L'affermazione dello stato nel Seicento
Nel Seicento si ebbe l'affermarsi dello Stato. Si definì quindi una forma di struttura politica che vede una popolazione residente su un territorio circoscritto da confini precisi, governata da un'autorità centrale unitaria, capace di emanare e fare rispettare le leggi attraverso l'esercito, la burocrazia e la finanza. Lo Stato controlla tutti gli ambiti della vita sociale.
Qual è l'organizzazione militare e burocrazia?
Nel Seicento cominciarono a essere organizzati gli eserciti statali permanenti, dipendenti dal sovrano, il quale riuscì a indebolire il ruolo militare della nobiltà (smantellando forze armate e roccaforti). Le armi da fuoco determinarono la crescita di importanza dell'artiglieria e della fanteria. Si formarono inoltre le flotte, destinate a proteggere i crescenti traffici marittimi e a sorreggere i piani di conquista coloniale.

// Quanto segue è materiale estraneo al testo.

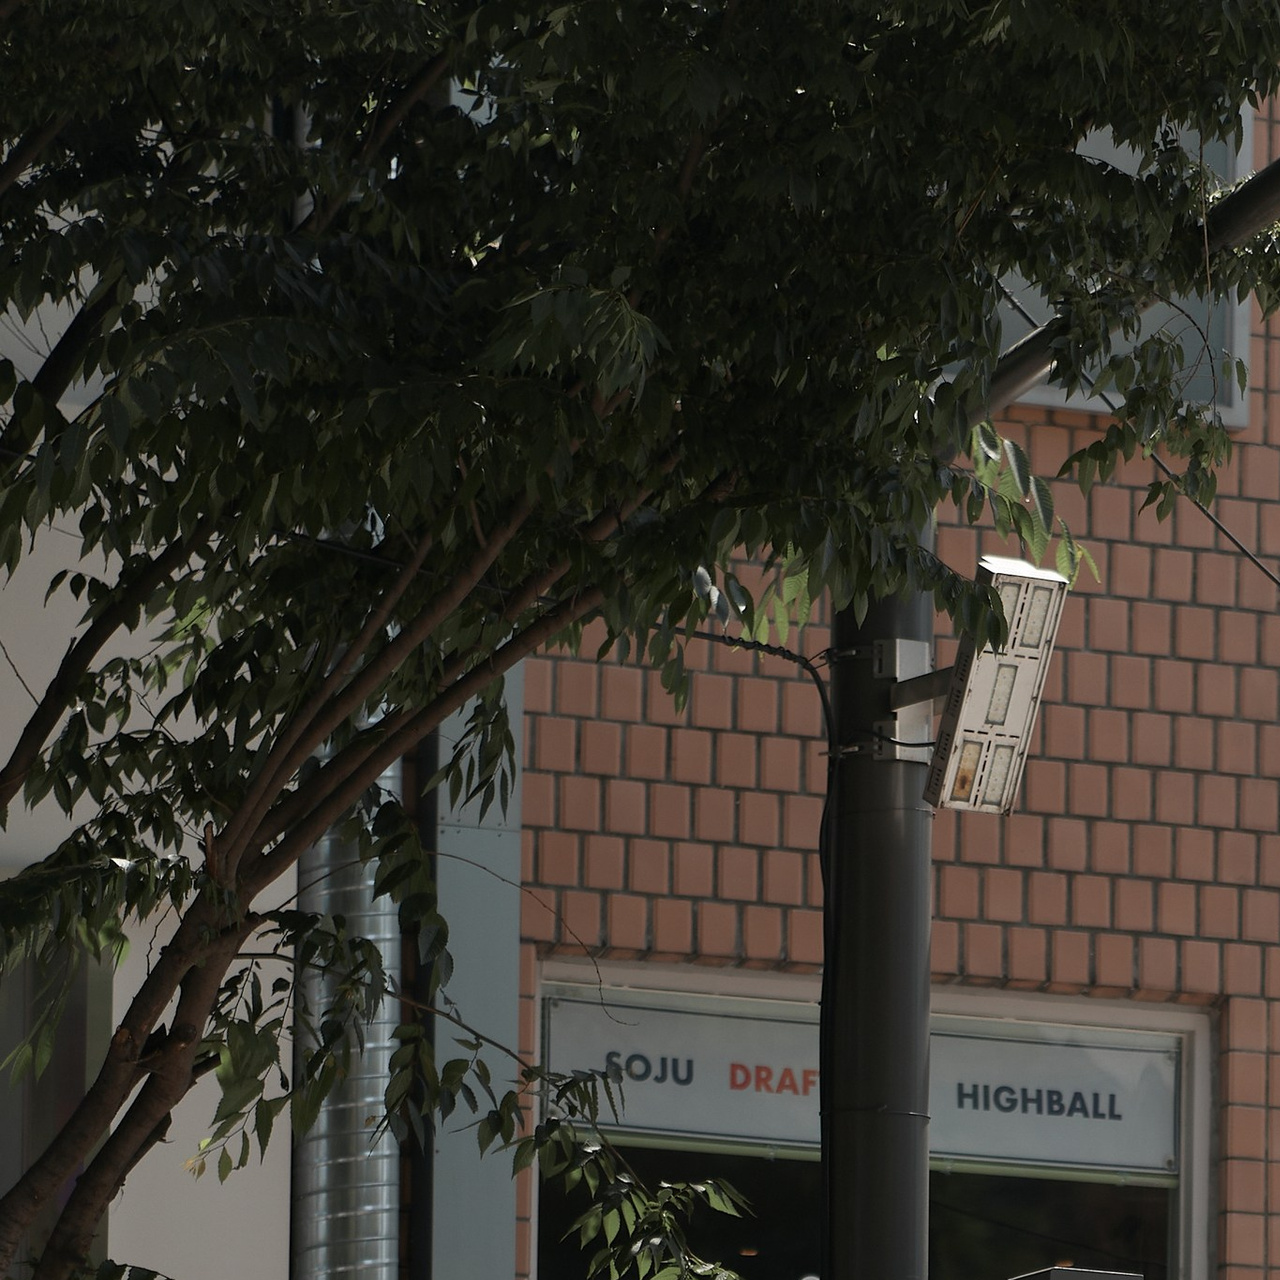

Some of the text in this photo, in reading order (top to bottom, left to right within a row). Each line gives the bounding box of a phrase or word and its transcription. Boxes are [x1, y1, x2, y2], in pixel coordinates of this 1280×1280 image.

Ruolo della burocrazia e tassazione
La burocrazia (potere degli uffici) era formata da funzionari statali stipendiati, nominati e licenziati dal re. La burocrazia aveva inoltre il compito di far rispettare le leggi dello Stato e di garantire la convivenza. Gli impiegati pubblici (magistrati, funzionari, doganali, ispettori di polizia) assumendo un potere crescente, formarono la cosiddetta ''nobiltà di toga''. Lo Stato, avendo bisogno di un flusso costante di denaro, prelevò in modo sistematico le tasse per finanziare l'apparato amministrativo, repressivo e bellico.
L'accentramento di queste diverse funzioni, rappresentò la novità istituzionale del Seicento.
Domande da interrogazione
- Quali sono le caratteristiche principali dello Stato nel Seicento?
- Come si organizzò l'esercito nel Seicento?
- Qual era il ruolo della burocrazia e della tassazione nello Stato del Seicento?
Nel Seicento, lo Stato si affermò come una struttura politica con una popolazione residente su un territorio definito, governata da un'autorità centrale capace di emanare e far rispettare le leggi attraverso l'esercito, la burocrazia e la finanza, controllando tutti gli ambiti della vita sociale.
Durante il Seicento, si iniziarono a formare eserciti statali permanenti, sotto il controllo diretto del sovrano, che ridusse il potere militare della nobiltà. L'importanza dell'artiglieria e della fanteria crebbe, e si svilupparono flotte per proteggere i traffici marittimi e sostenere le conquiste coloniali.
La burocrazia, composta da funzionari statali stipendiati, aveva il compito di far rispettare le leggi e garantire la convivenza. Per finanziare l'apparato amministrativo e bellico, lo Stato prelevava sistematicamente le tasse, evidenziando l'accentramento delle funzioni istituzionali come una novità del Seicento.